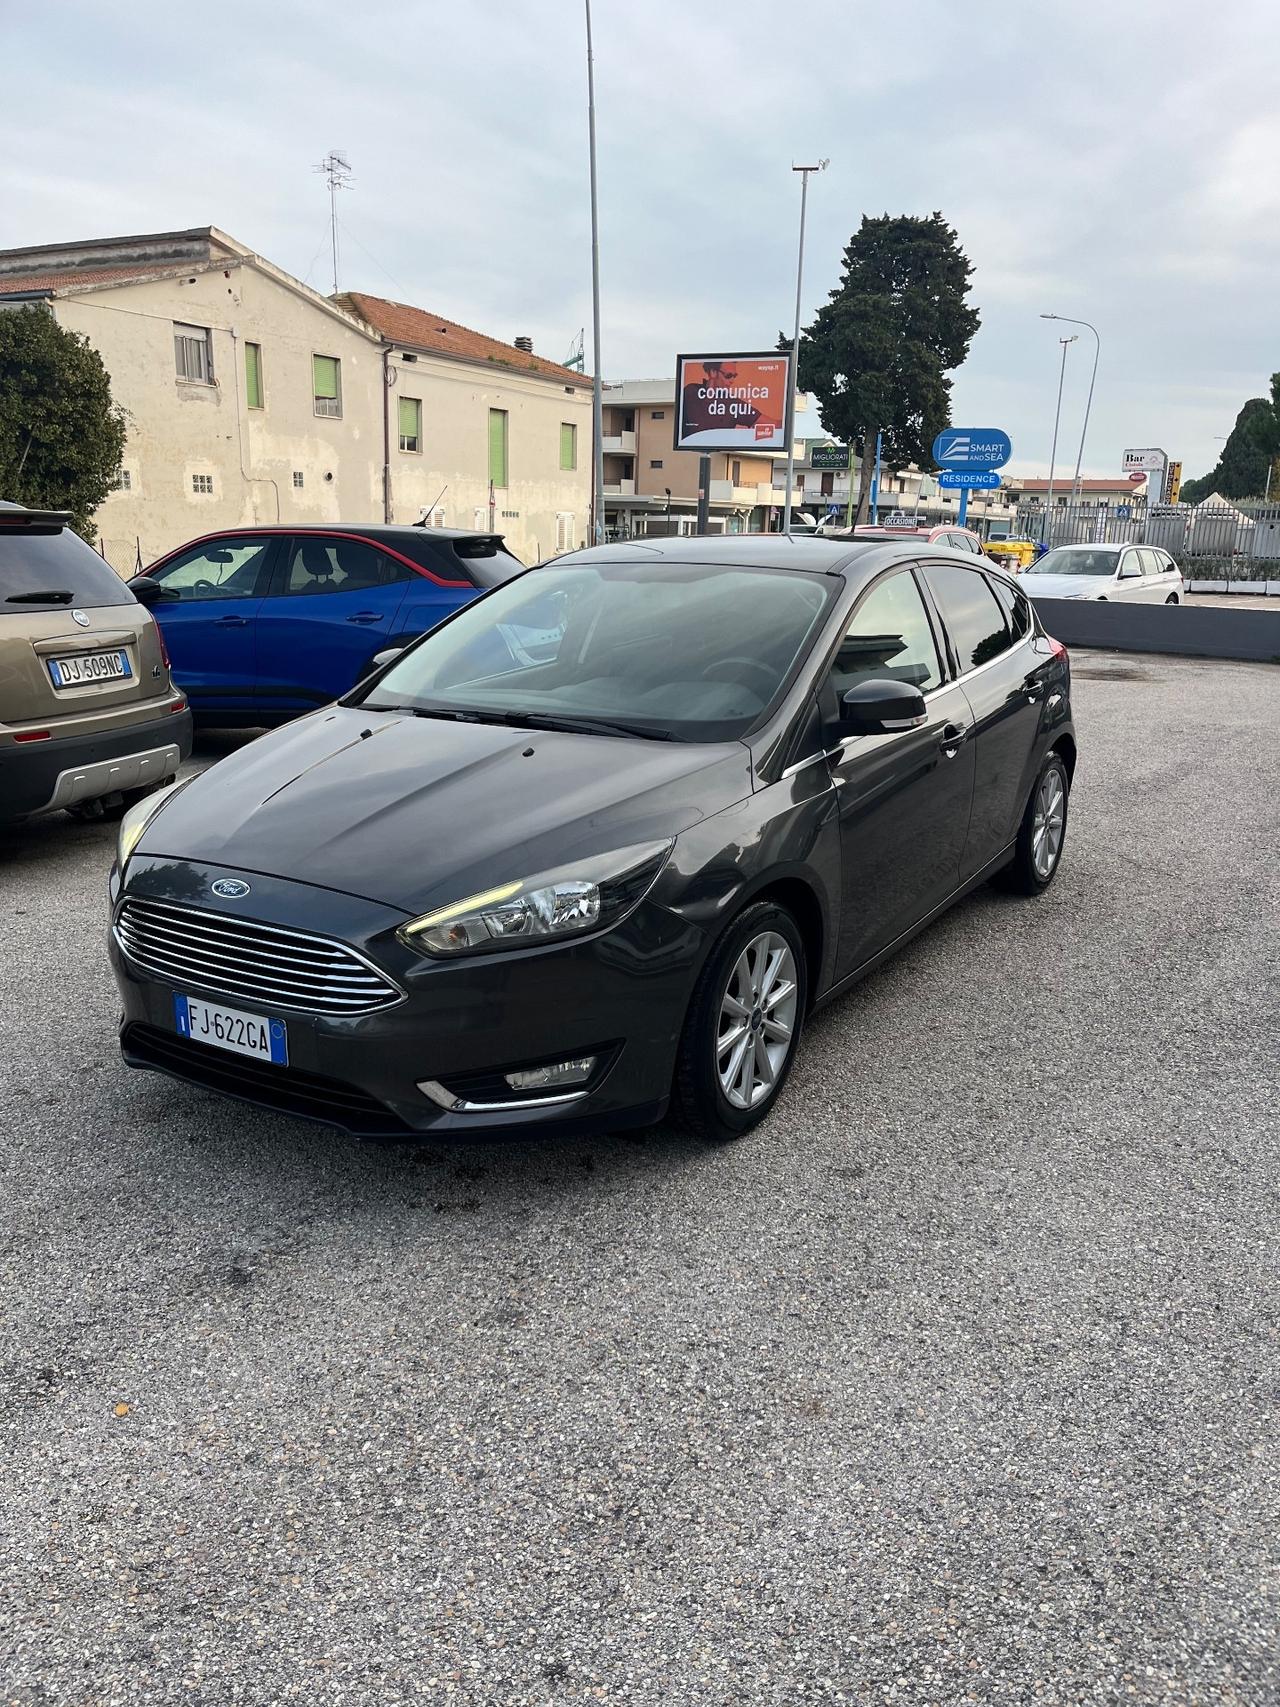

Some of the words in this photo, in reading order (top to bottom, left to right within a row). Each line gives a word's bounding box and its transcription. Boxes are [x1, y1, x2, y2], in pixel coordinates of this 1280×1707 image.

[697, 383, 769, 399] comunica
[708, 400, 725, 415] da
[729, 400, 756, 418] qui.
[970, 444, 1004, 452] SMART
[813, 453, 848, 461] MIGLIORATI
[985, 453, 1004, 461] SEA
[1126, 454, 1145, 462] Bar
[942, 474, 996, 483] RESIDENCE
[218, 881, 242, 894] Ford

Work instruction: Where an entry contains an image, leave the image out; otherwise retype everything exactly.

Written solution:
Some of the words in this photo, in reading order (top to bottom, left to right within a row). Each line gives a word's bounding box and its transcription. Boxes are [x1, y1, x2, y2], in pixel coordinates of this 1280×1707 image.

[697, 383, 769, 399] comunica
[708, 400, 725, 415] da
[729, 400, 756, 418] qui.
[970, 444, 1004, 452] SMART
[813, 453, 848, 461] MIGLIORATI
[985, 453, 1004, 461] SEA
[1126, 454, 1145, 462] Bar
[942, 474, 996, 483] RESIDENCE
[218, 881, 242, 894] Ford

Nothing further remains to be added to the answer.